Desisti de argumentar, ela trata o bicho com uma criança.
Olhei para as diversas opções de potes e tentei descobrir qual deles
era o shampoo. Por que as mulheres precisam de tantas coisas
para tomar banho? Escolhi um e um líquido azul escuro escorreu na
minha mão.
— Esse é para não amarelar os fios, pega o outro — Vitória
avisou.
— Qual, então?
— O branco.
— Tem três brancos aqui!
Ela abriu a porta e estendeu o braço, reclamando que não eu
não sabia ler os rótulos, e ia selecionar um, mas a puxei para
dentro.
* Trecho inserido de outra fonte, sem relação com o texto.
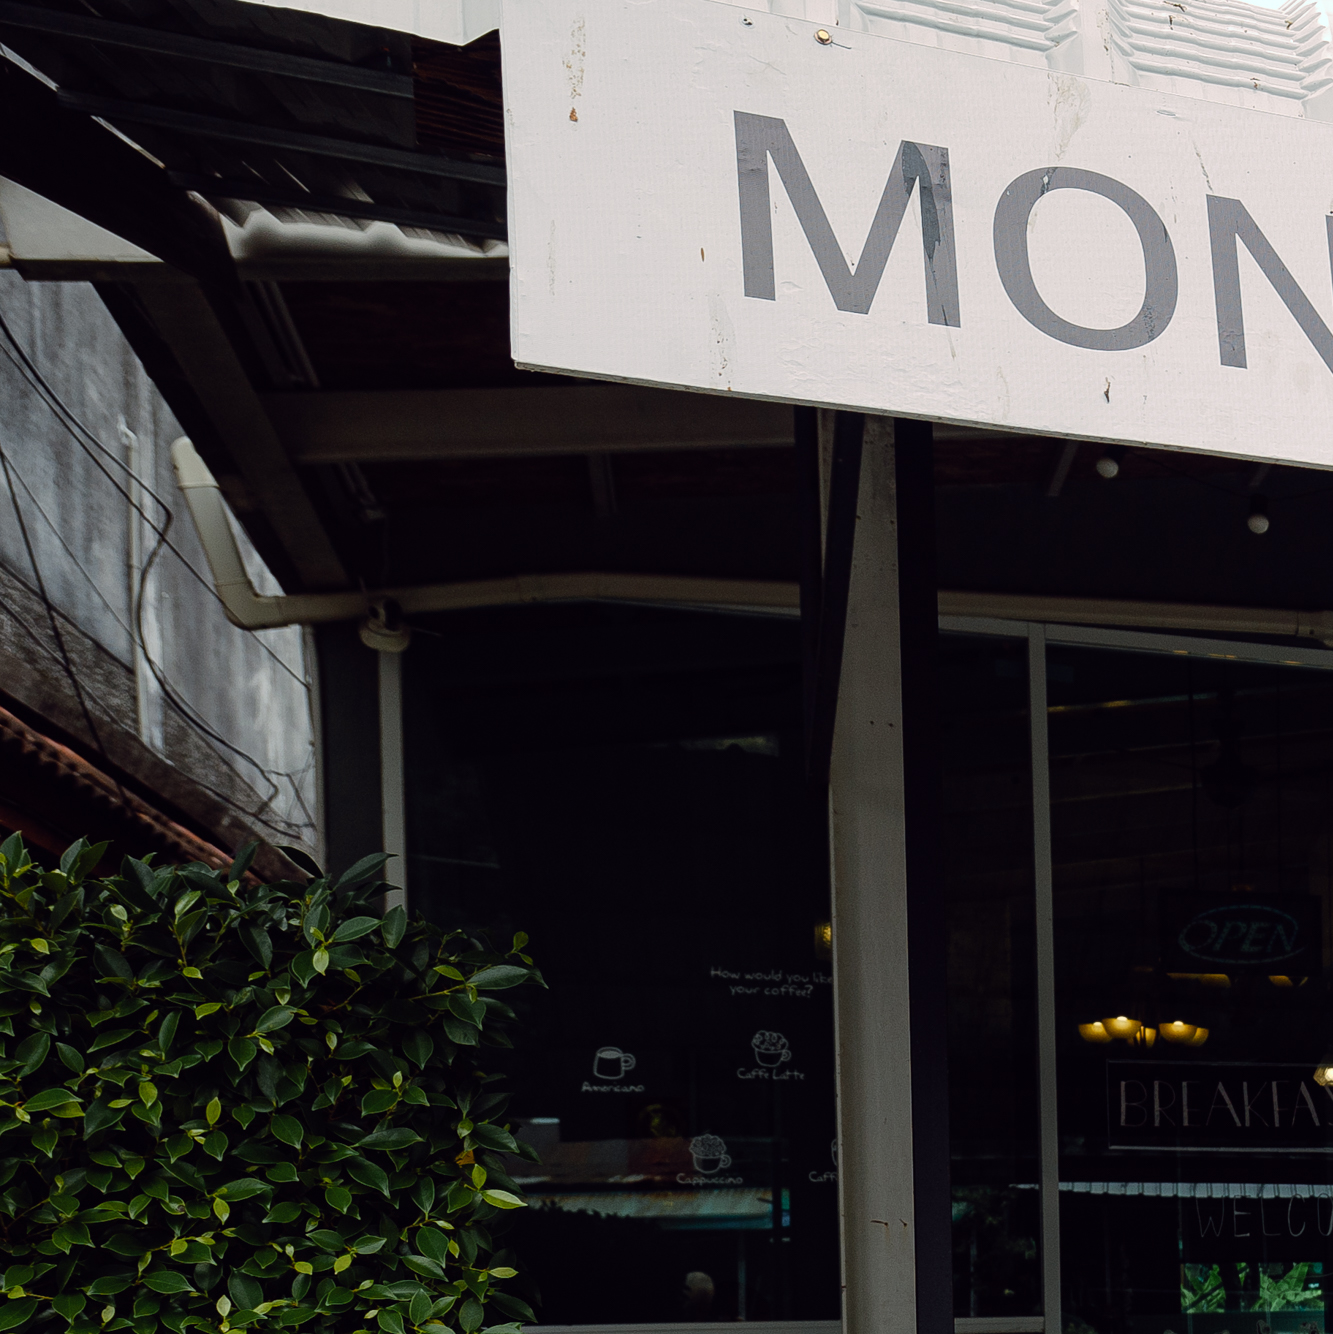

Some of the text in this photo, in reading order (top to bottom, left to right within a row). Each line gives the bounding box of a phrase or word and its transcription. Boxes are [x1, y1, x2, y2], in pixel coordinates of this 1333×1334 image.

Vitória deu aqueles guinchos femininos histéricos e eu
grudei o corpo dela ao meu.
— Mala! Eu tenho que ver o jantar, vai queimar a lasanha.
— Nem tem cheiro de lasanha ainda, relaxa.
Puxei o vestido, depois tirei a calcinha. E enquanto ela gemia
gostoso ao meu ouvido, mostrei a ela novas possibilidades que
aquele ex-marido idiota nunca explorou. Ele pode ter casado com
ela, mas nunca foi um homem para Vitória. E tem algo aqui no meu
peito, me dizendo que eu estou adorando ser.
Hoje faz uma semana que não nos vemos mais. Quer dizer,
nos esbarramos no corredor, na porta do elevador e trocamos e-mail
sobre as fotos. Tudo friamente. Oi, bom dia, obrigada, anexo
aprovado, favor encaminhar para o departamento de publicidade,
para publicação. Não fui à 4Ty, nem a trabalho e nem a lazer. Mas
também não percebi movimentação de mulheres no apartamento. A
única constância em nossa vida é a Flor, que ainda insiste em correr
para ele, quando o vê.
No primeiro dia, achei que poderíamos conversar, de cabeça
fria. Tentei puxar o assunto, mas ele me cortou:
— Não precisamos falar sobre isso. Somos adultos e está
tudo bem, Vitória.
Ele entrou no elevador, apertou o botão e focou a atenção no
celular. Estava lindo, com um terno slim e camisa azul claro,
cheiroso como deve ser o céu dos safados. E todo meu corpo
desejou estar agarrado ao dele, minha boca salivou por seus beijos,
minha pele ansiou por seus toques quentes e macios. Mas apenas
soltei a porta e o deixei ir.
Não dá para dizer que estou bem com essa distância. Estou
sentindo falta dele todos os dias e temendo ouvir os sons de risadas
femininas no corredor. Para ser bem sincera, estou sentindo falta
até das implicâncias dele com a Flor. Agora Marcondes passa a
mão na cabeça dela, levemente, e eu invejo minha cachorra, que
recebe alguma atenção daquele homem. Para mim, nem um sorriso.
Abri meu celular e vi que tinha uma mensagem da Antônia.
Temos nos falado bastante, nesses dias. Hoje, mais cedo, enviei
para ela uma das fotos que fiz dos três sócios, na praia. Enviei
porque vou apagar dos meus arquivos e não quis perdê-la.